On Monday, May 23, Caltrain will return to its regular schedule, with 104 trains per day. Service has been operating at reduced levels since Monday, May 2, to accommodate electrification construction. With the return of regular service, riders can expect up to four trains per hour in each direction on weekdays, providing for a comfortable and convenient trip.

Construction crews were able to install and test the new signal system at 17 crossings in Burlingame and San Mateo, meaning the new system has been successfully implemented at 24 of the 41 vehicular grade crossings that are needed before revenue service of Caltrain Electrification in 2024.

Caltrain has yet to fully recover from the effects of the pandemic. To help increase ridership and improve equity, Caltrain has expanded its off-peak service, allowing a wider range of riders to take advantage of the system.

In addition, Caltrain has made other improvements to its operations by adding 300 elockers at 19 of its stations for bicyclists, and for customers who use a Clipper card, Caltrain has made it easier for users to reload their card with cash directly at Caltrain stations. In the past, that option was limited to designated offsite locations. Caltrain also recently unveiled a new, mobile-friendly website that improves the customer experience, making it easier to view and track schedules and receive service updates.

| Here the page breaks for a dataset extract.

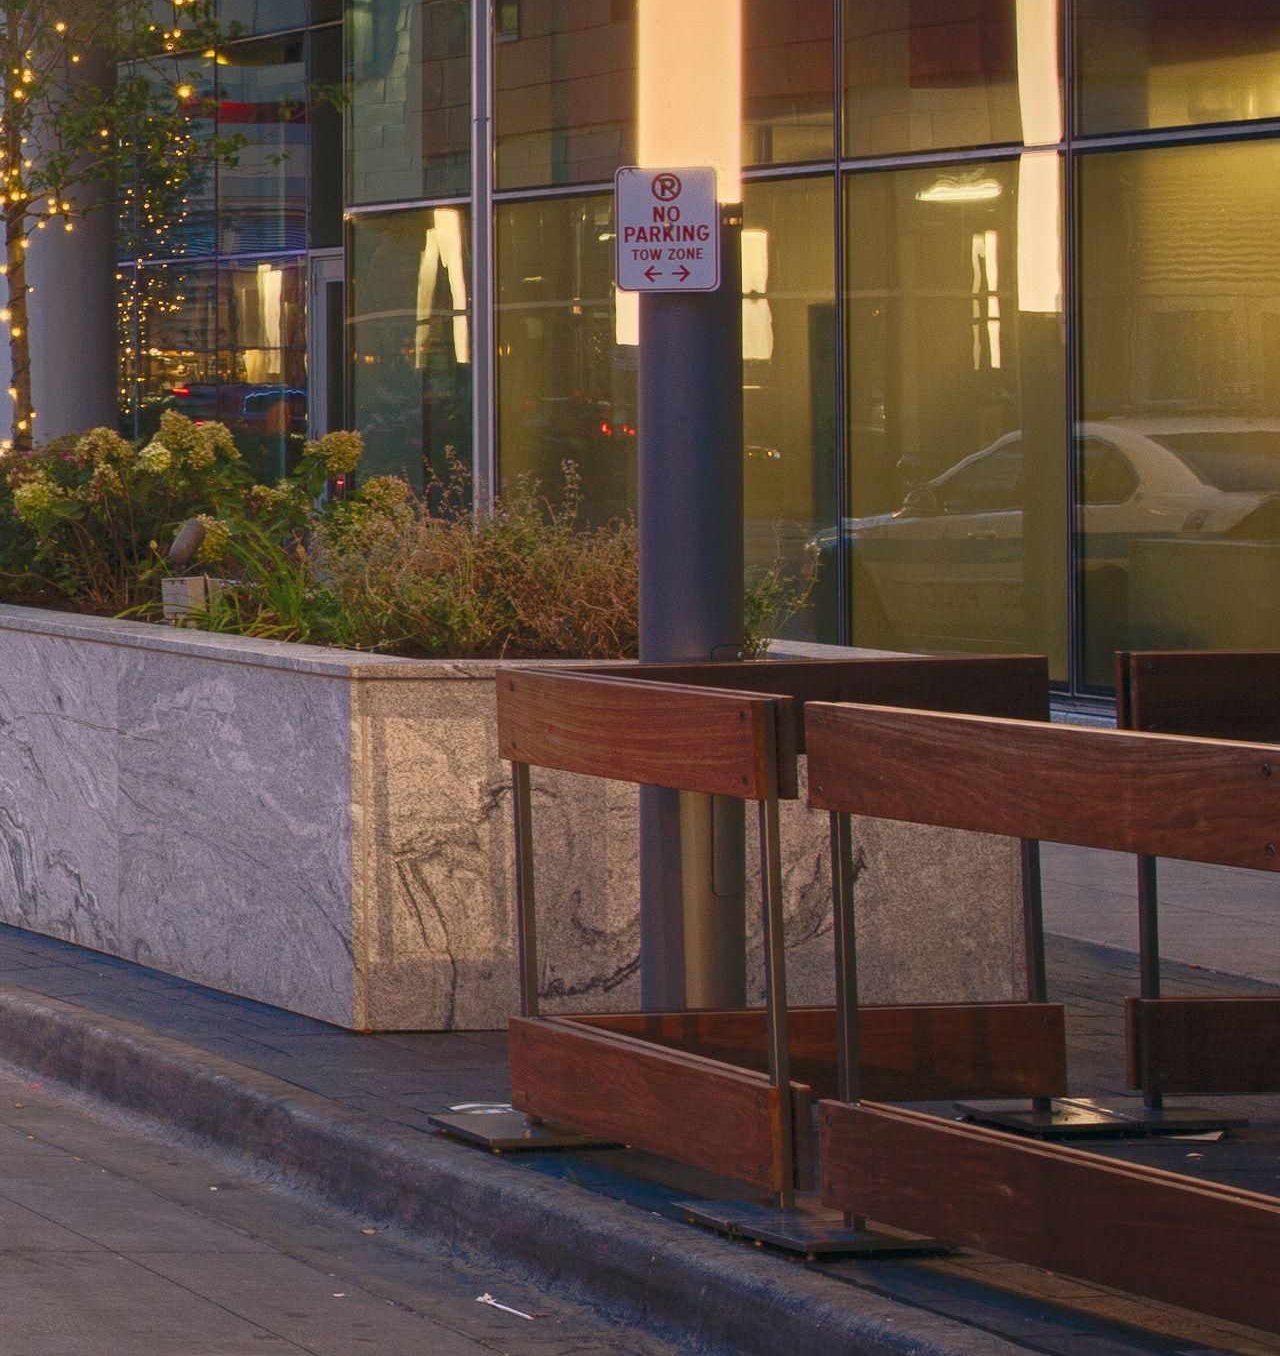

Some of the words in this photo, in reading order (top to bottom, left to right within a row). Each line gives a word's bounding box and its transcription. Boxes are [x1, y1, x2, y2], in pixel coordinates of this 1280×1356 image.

[652, 206, 681, 223] NO
[624, 224, 710, 243] PARKING
[632, 249, 662, 261] TOW
[668, 248, 704, 260] ZONE
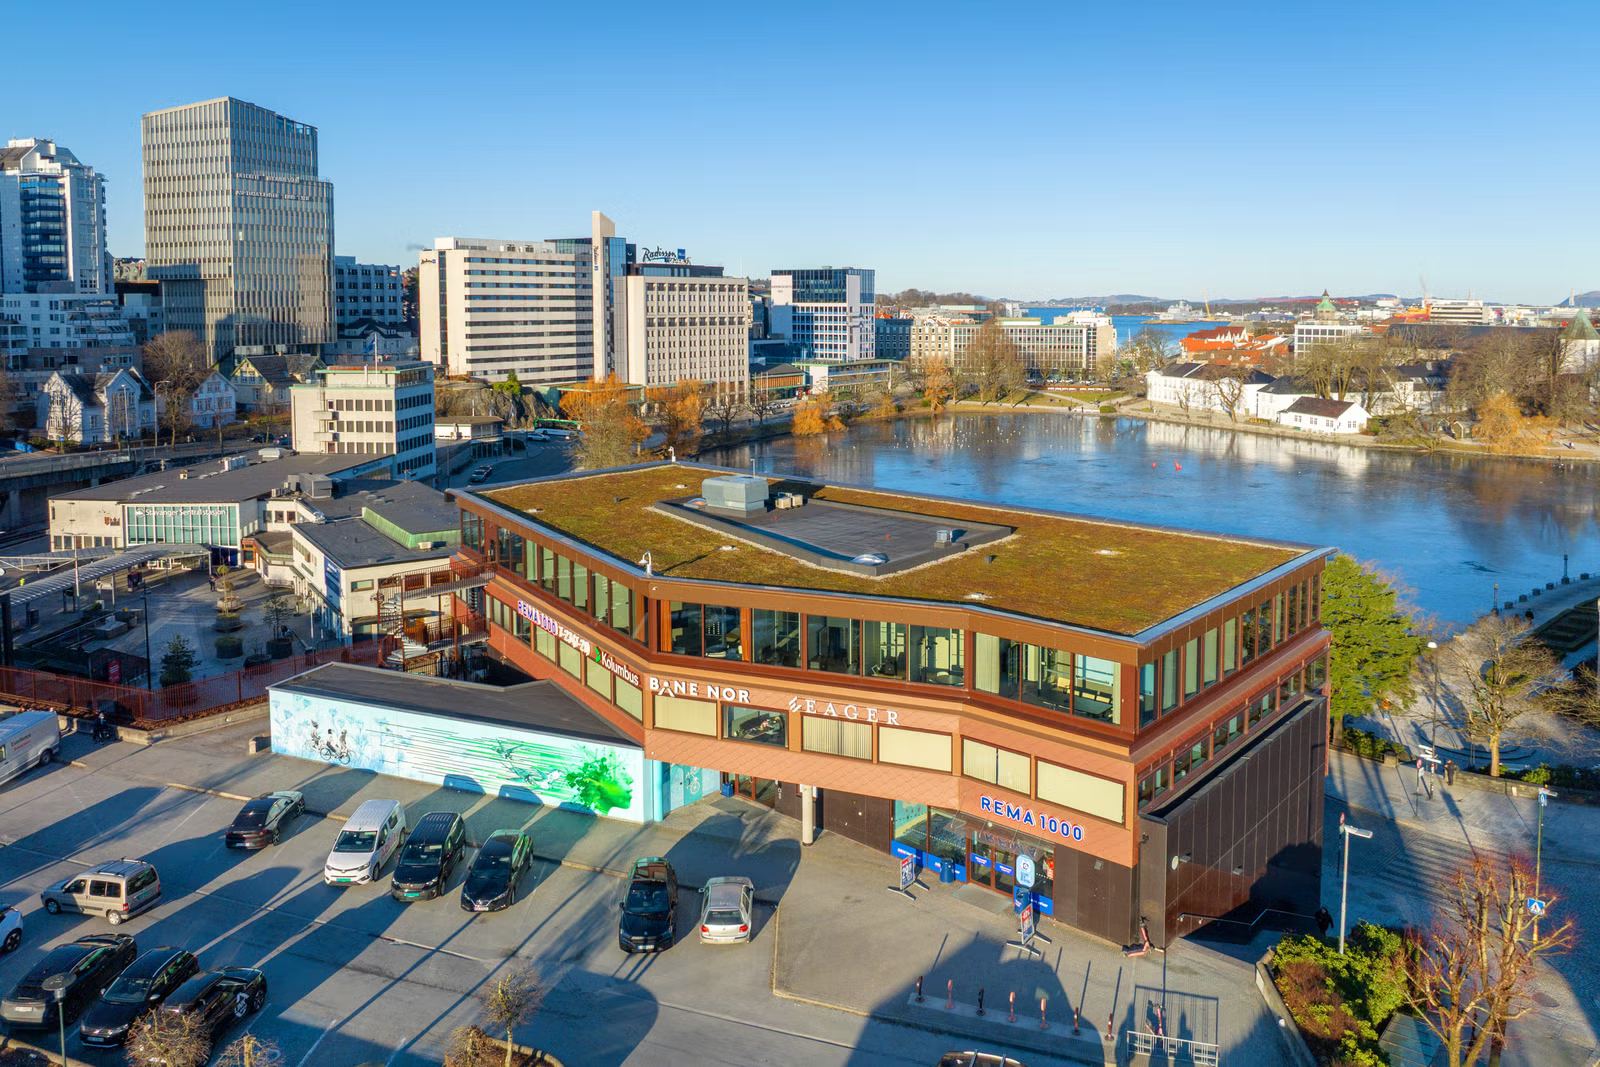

The electrification of the Caltrain system will deliver major benefits to the communities that it serves. Electrification will reduce Caltrain’s greenhouse gas emissions and eliminate the particulate matter caused by the aging diesel engines. Service will become both more frequent and more comfortable, as state-of-the-art electric trains replace the 30-year-old diesel fleet. The project also created thousands of jobs locally and throughout the country, both to electrify the corridor and to assemble the new trains, which include components from across the country. Electrified service will lay the foundation to meet Caltrain’s goal of tripling capacity by 2040, the equivalent of carrying 5.5 lanes to U.S. Highway 101. The infrastructure that is being installed will be compatible with future high-speed rail on the corridor. The Caltrain Electrification Project is expected to be completed in 2024.


About Caltrain: Owned and operated by the Peninsula Corridor Joint Powers Board, Caltrain provides commuter rail service from San Francisco to San Jose, with commute service to Gilroy. While the Joint Powers Board assumed operating responsibilities for the service in 1992, the railroad celebrated 150 years of continuous passenger service in 2014. Planning for the next 150 years of Peninsula rail service, Caltrain is on pace to electrify the corridor, reduce diesel emissions by 97 percent by 2040 and add more service to more stations.